Around 3:15 I’ll leave for the half-hour walk to the Skydome. During this time I’m thinking about pretty much anything to do with the game ahead, from running through opposition roster numbers in my head to trying to work out likely stars, possible key battles or possibly who the Blaze will run on which line.
3:45 is about the time I get to the rink. First job once I get in there is find Rob Coleman and get the key for the Blaze cupboard, since I have to set up the sponsor backdrop in the Blaze media room for the post-game interviews.
The media room sounds fancy but is actually a small, dimly lit room just off the Skydome entrance. The backdrop barely fits under the roof, and usually doesn’t go together cleanly (not because it’s broken, but because I’m a technological dumbass-the amount of times I’ve got the thing upside down already is ridiculous.) The next twenty minutes or so is occupied by setting up the chairs and camera for the post-game media conference.
What I do from now on depends on whether or not my partner Aaron Murphy is covering the game with me. As he works for ESPN, he can’t get to every Blaze game due to work commitments. He’s new this year, replacing Ed Kimberley, who is a good friend of mine and was my partner last season. Ed is moving away to another part of the UK shortly, so naturally we needed a new guy, and were VERY lucky indeed that Aaron came along.

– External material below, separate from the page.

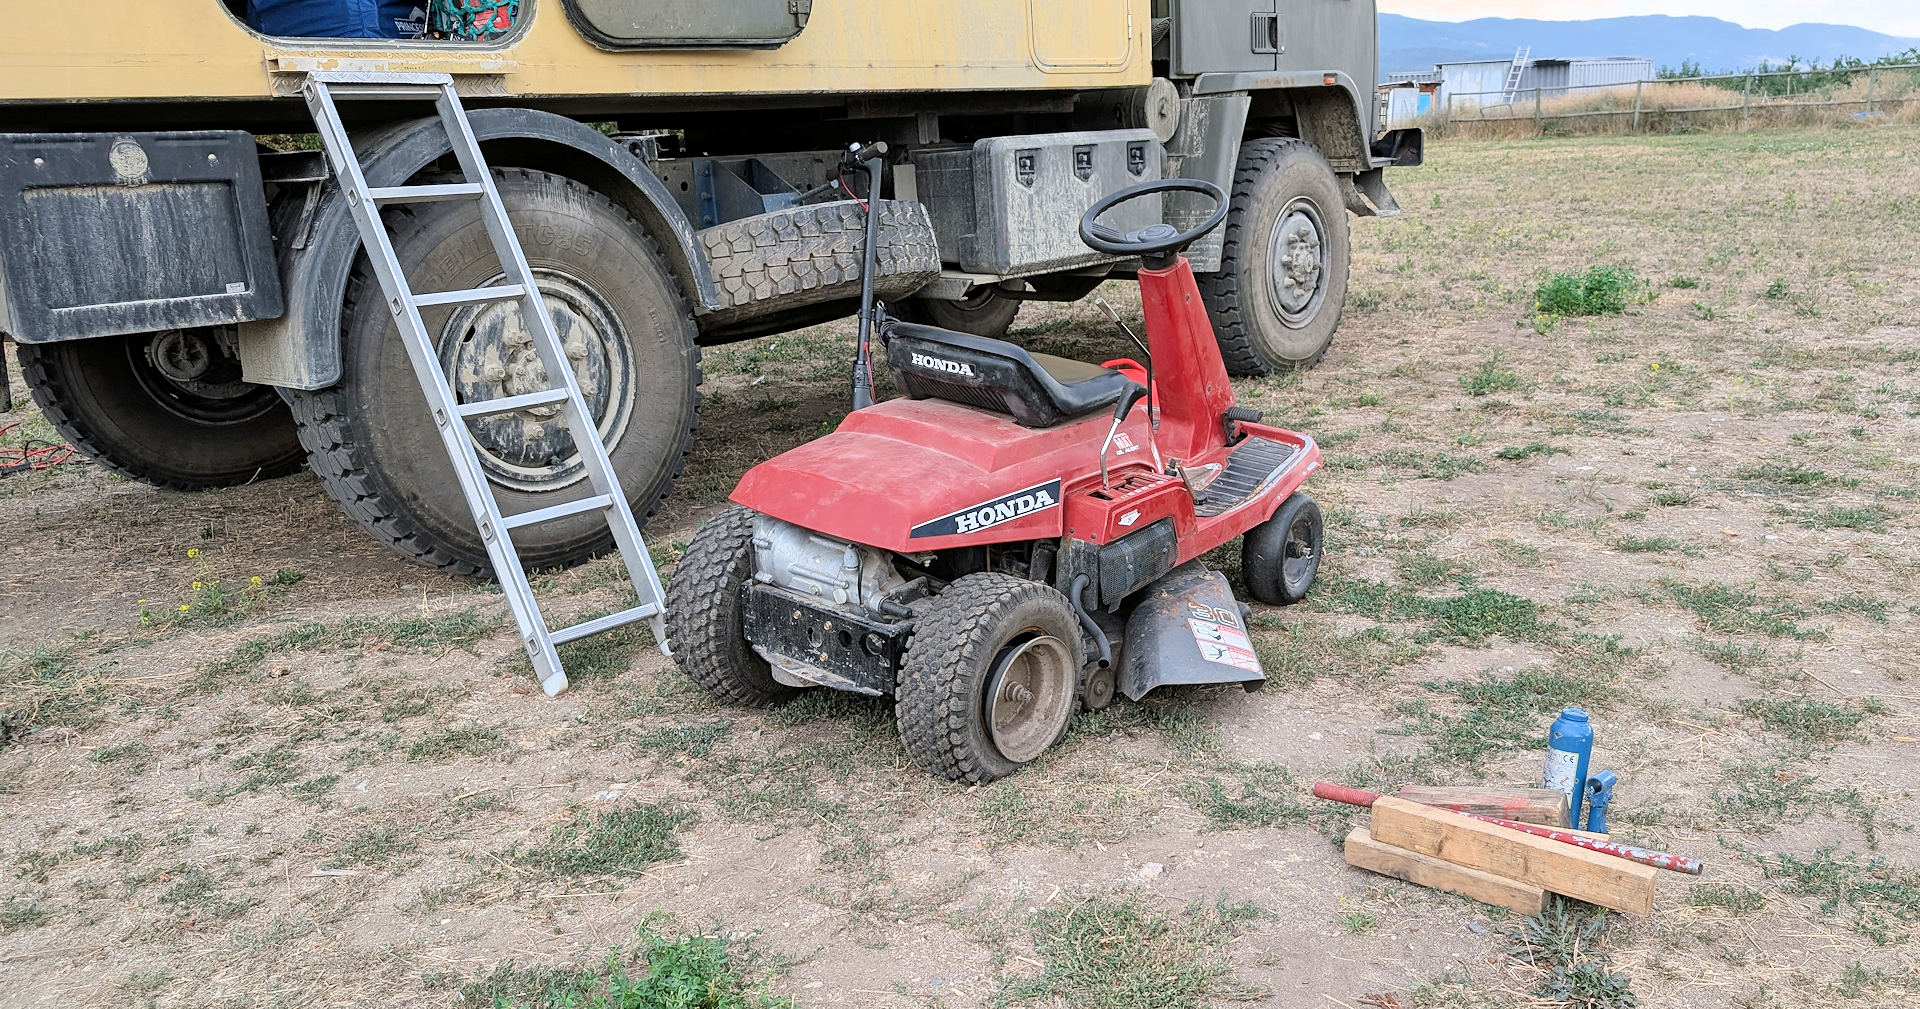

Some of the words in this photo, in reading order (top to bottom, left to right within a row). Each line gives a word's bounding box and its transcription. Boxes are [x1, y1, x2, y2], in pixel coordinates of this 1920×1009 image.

[911, 352, 974, 376] HONDA
[955, 489, 1055, 534] HONDA
[1188, 601, 1240, 629] 30

Whether he’s there or not, I’ll nip up to the Skydome media gallery (which is really just a balcony behind the announcer’s table) and say hello to the team up there, all of whom I know well and several of whom are close personal friends. At this time Pete, the Blaze TV cameraman, will be setting up and testing his kit-it’s not the multi-camera fanciness of the NHL but one camera on a tripod, linked to a set of DVD players and a mixer which feed the picture down to the Internet server in the rink bar office. Jane, Pete’s wife, is down there making sure the feed is going out OK throughout the game.
It should be mentioned at this point that Jane and Pete are the ones who REALLY make the webcast happen-I yammer away on the microphone but it’s these two who do all the hard technical work and set up the kit.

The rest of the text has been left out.